There's an inaccurate joke that says Whole Foods Market (NASDAQ:WFM) should really be called Whole Paycheck Market. Now, realistically, no one is likely to spend a whole paycheck at Whole Foods, but you may just have lost a whole paycheck as a Whole Foods investor. Last night after the bell, the grocer announced its first-quarter results, sending the stock down 7.5% by midday today. Is this a sign of things to come or merely a bump in the road for Whole Foods?
Whole Foods earnings fall short of expectations
While no doubt still reeling from the last time they went to the store and couldn't find a parking space, analysts were thrown into a metaphorical tizzy after Whole Foods announced earnings per share of a mere $0.42. The consensus had been that the business would earn $0.44 per share on $4.29 billion in revenue.

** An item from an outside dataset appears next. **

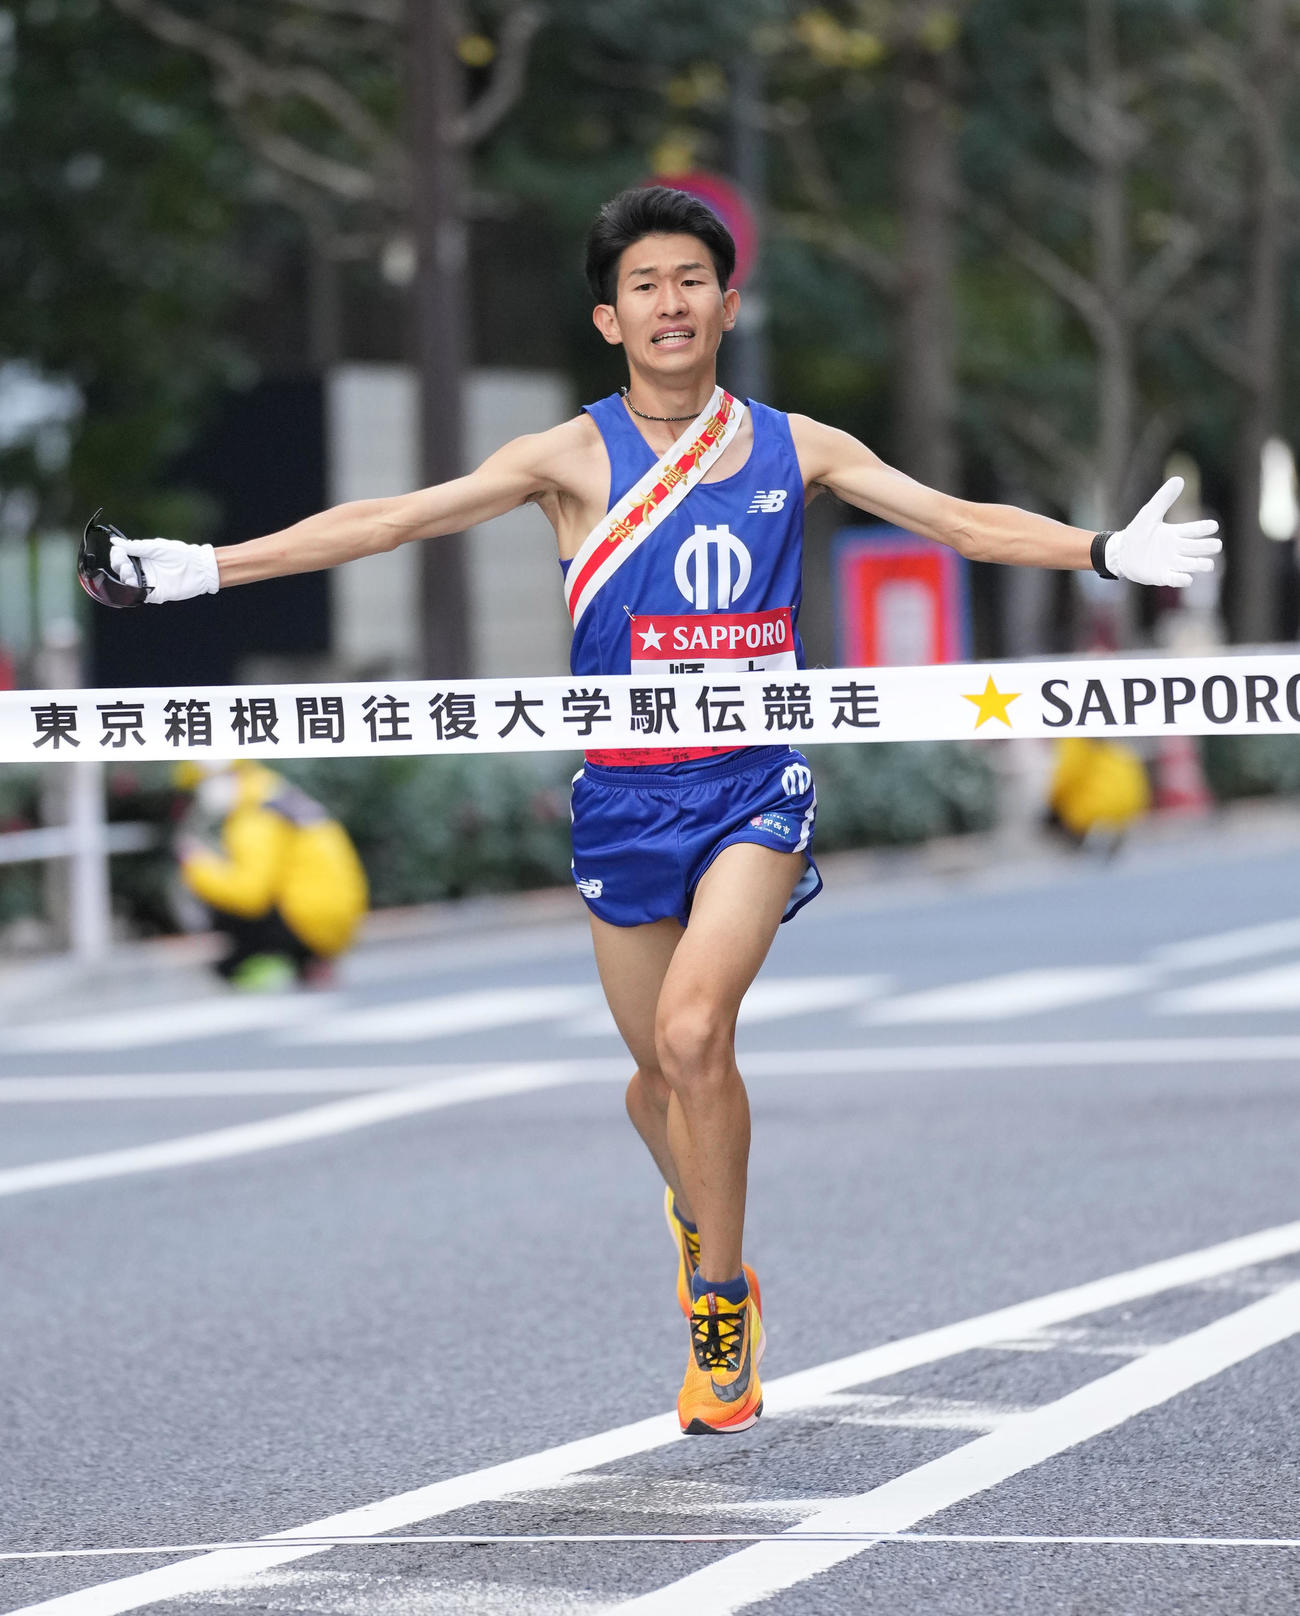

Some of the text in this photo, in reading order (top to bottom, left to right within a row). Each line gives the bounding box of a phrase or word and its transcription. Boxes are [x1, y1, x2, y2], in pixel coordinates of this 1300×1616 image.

This quarter's miss came from a slowdown in comparable-sales growth, which rose just 5.4% compared to the same period a year ago. For comparison, comparable-store sales grew 6.9% in fiscal 2013.The result of the slower growth was another estimate miss, with Whole Foods pulling in $4.24 billion in revenue.

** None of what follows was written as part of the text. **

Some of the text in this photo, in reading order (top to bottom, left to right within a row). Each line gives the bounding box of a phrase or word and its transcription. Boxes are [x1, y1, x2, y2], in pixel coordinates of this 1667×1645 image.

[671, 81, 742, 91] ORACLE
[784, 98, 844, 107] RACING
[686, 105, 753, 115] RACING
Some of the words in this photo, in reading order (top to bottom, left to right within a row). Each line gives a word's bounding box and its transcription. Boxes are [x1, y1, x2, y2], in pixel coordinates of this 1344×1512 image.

Hiding behind the lackluster sales was a new price competitiveness plan from Whole Foods. Management cited its "stepped-up value efforts" as the biggest factor in its price-per-item change, which fell 106 basis points. Although the Whole Paycheck moniker may be a myth, it's still had a negative impact on Whole Foods' image among price-conscious shoppers.
Will the trend continue?
In the new dawn of slower growth, Whole Foods dropped its full-year sales growth estimate, increased its opening and relocation costs estimate, and drastically reduced its earnings-per-share forecast. From the company's perspective, most of the bad news came in the first quarter and the rest of the year should be stronger. In reality, there are still a number of challenges that Whole Foods is going to face as the year goes on.
Competition for organic and health-food dollars is heating up across the grocery scene, with everyone trying to get a piece of that action. If income growth continues to stagnate and Whole Foods is unable to shed its premium-priced image, then it's going to have a hard time attracting customers to its new locations. The company is hoping to add around 25 stores over the rest of the fiscal year, and slow starts will lead to slow overall growth.

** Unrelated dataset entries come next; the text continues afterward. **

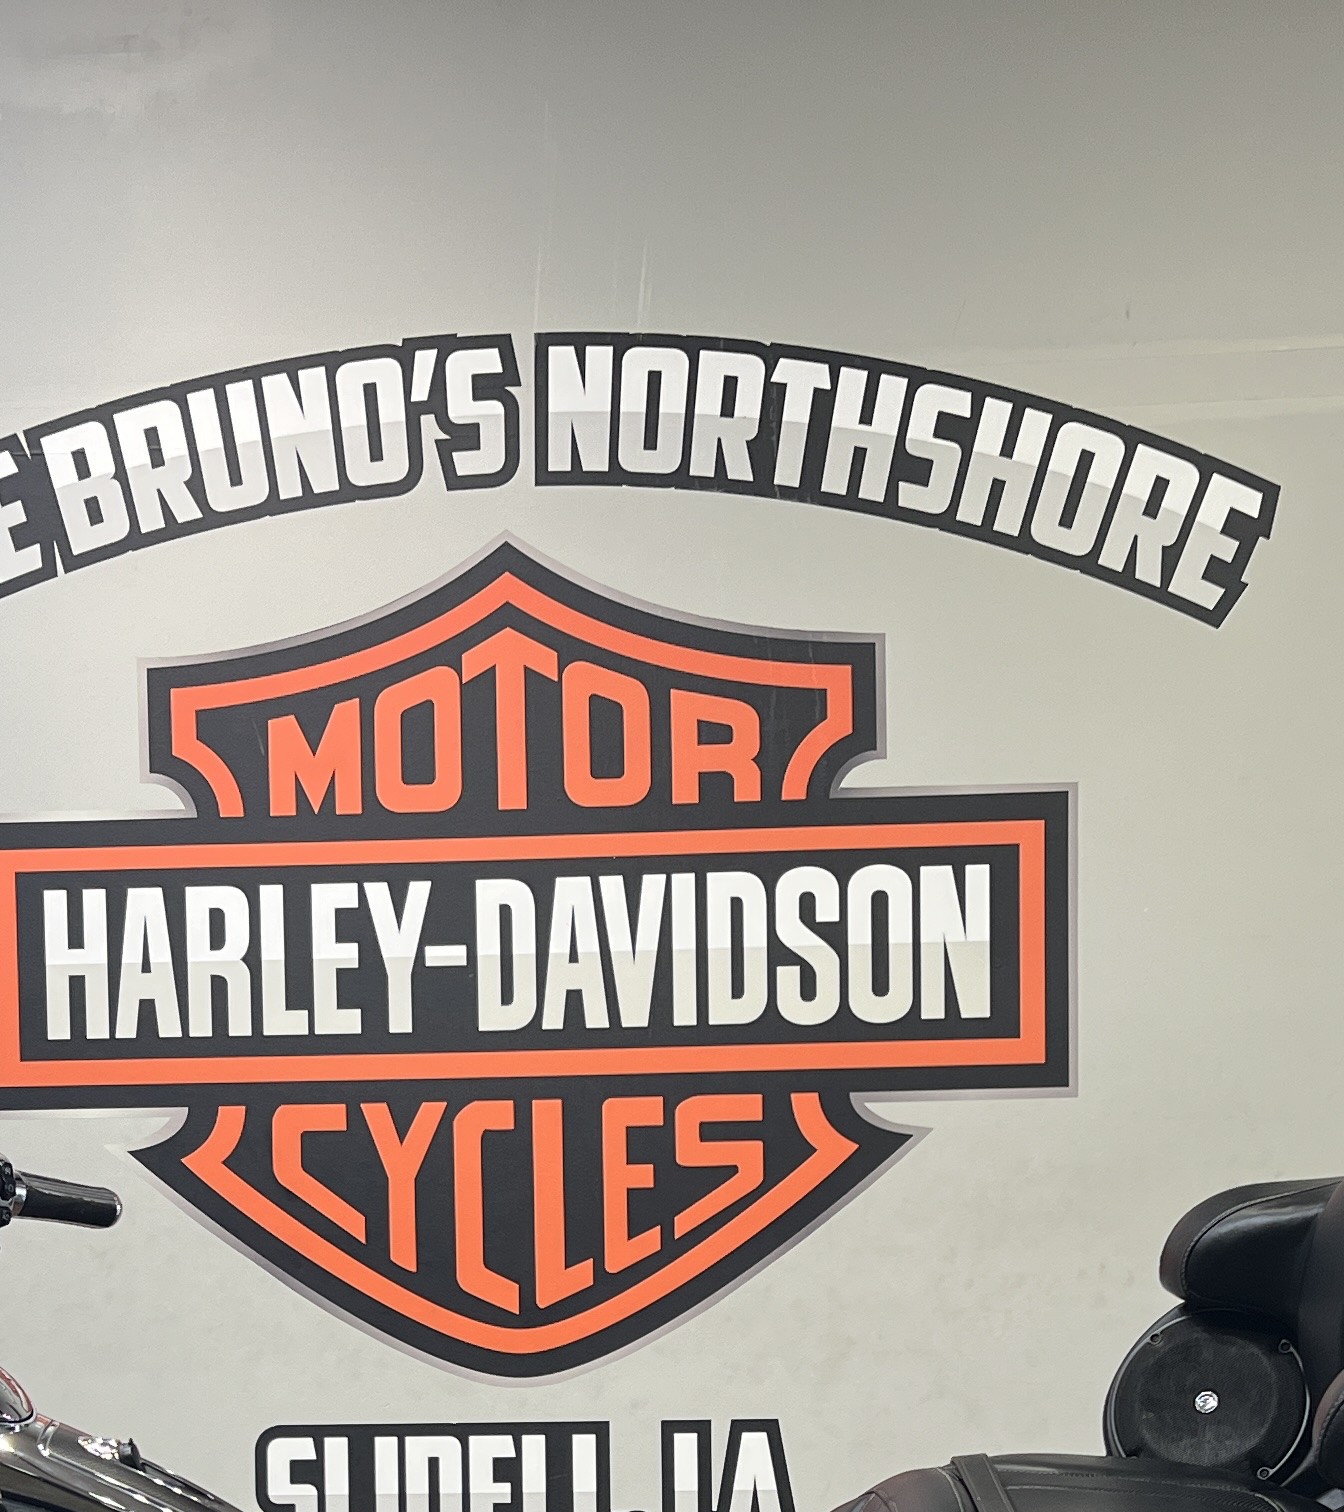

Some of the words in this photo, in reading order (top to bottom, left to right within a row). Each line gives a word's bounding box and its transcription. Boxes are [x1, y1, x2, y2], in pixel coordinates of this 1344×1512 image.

[40, 347, 508, 556] BRUNO'S
[546, 345, 1264, 611] NORTHSHORE
[268, 626, 761, 817] MOTOR
[42, 863, 992, 1041] HARLEY-DAVIDSON
[271, 1094, 764, 1315] CYCLES

I still like Whole Foods' plan to try to be more price competitive, but the company has a lot of work to do on its messaging. On its call, Whole Foods said that advertising new prices usually takes nine months to a year to set in, so look for a boost in traffic in the middle of 2014 if things are looking good on that front. If not, it might be time to take that paycheck elsewhere.
Should you go long on Whole Foods?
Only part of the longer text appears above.